Best Bar None Scheme – Edinburgh hospitality focus

Industry must continue to pull together to raise standards, writes Scottish Business Resilience Centre boss Mandy Haeburn Little

AUGUST heralds the start of one of the world’s most significant cultural events – the Edinburgh International Festival.

Four million tickets are sold annually and hundreds of thousands more people descend on the capital to enjoy the diverse range of performances and warm hospitality.
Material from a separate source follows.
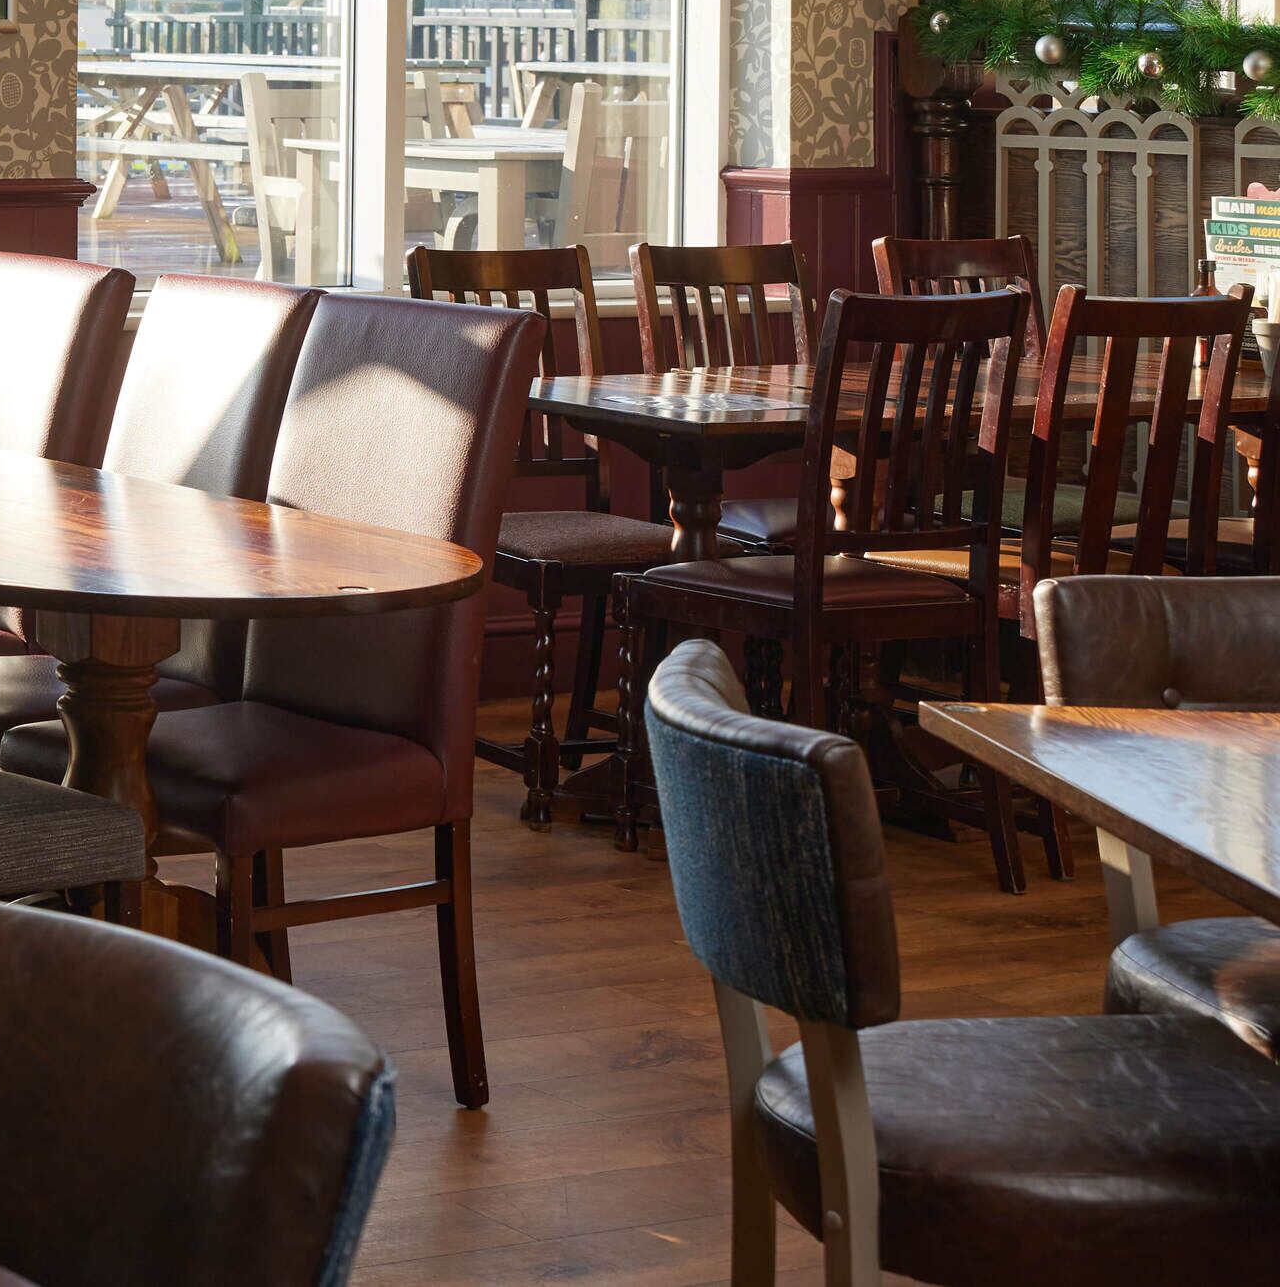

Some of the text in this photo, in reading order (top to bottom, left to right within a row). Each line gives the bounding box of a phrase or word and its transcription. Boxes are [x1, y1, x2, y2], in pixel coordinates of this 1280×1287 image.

That’s why the industry must continue to capitalise on this opportunity and raise standards to create a vibrant leisure economy.
There are nearly 20,000 people employed in Edinburgh’s food and beverage sector (according to latest figures from the City of Edinburgh Council).
In the city’s Grassmarket area alone there are 36 bars, pubs and hotels, making it one of the busiest night time economies in Scotland. Already 19 of the area’s licensed premises have signed up to the Best Bar None Scheme, which awards venues Bronze, Silver or Gold accreditation depending on their commitment to safety, responsible drinking and customer care. The owners and managers of these outlets recognise the importance of creating the highest possible standards and a safe and enjoyable environment.
At a time when the city is flooded with visitors, it’s crucial for the city’s reputation that bar and pub staff offer the best possible experience.
But it’s essential there is a collaborative approach to establishing good practice. The Best Bar None scheme works in partnership with the Scottish Government, Police Scotland, Scottish Fire & Rescue, Licensing Standards/Trading Standards, the Scottish Licensed Trade Association and a variety of other stakeholders, to help reduce alcohol-related harm, crime and disorder. It’s funded by major Scottish drinks producers and distributors, showing their commitment to supporting customers.
Above all the onus is on premise owners to improve their offering through schemes like Best Bar None and, in turn, boost their business and create a booming industry.
If we continue to work collaboratively we can make Scotland’s towns and city centres safer, more attractive places for people to live in and visit.
• Mandy Haeburn Little is director of the Scottish Business Resilience Centre.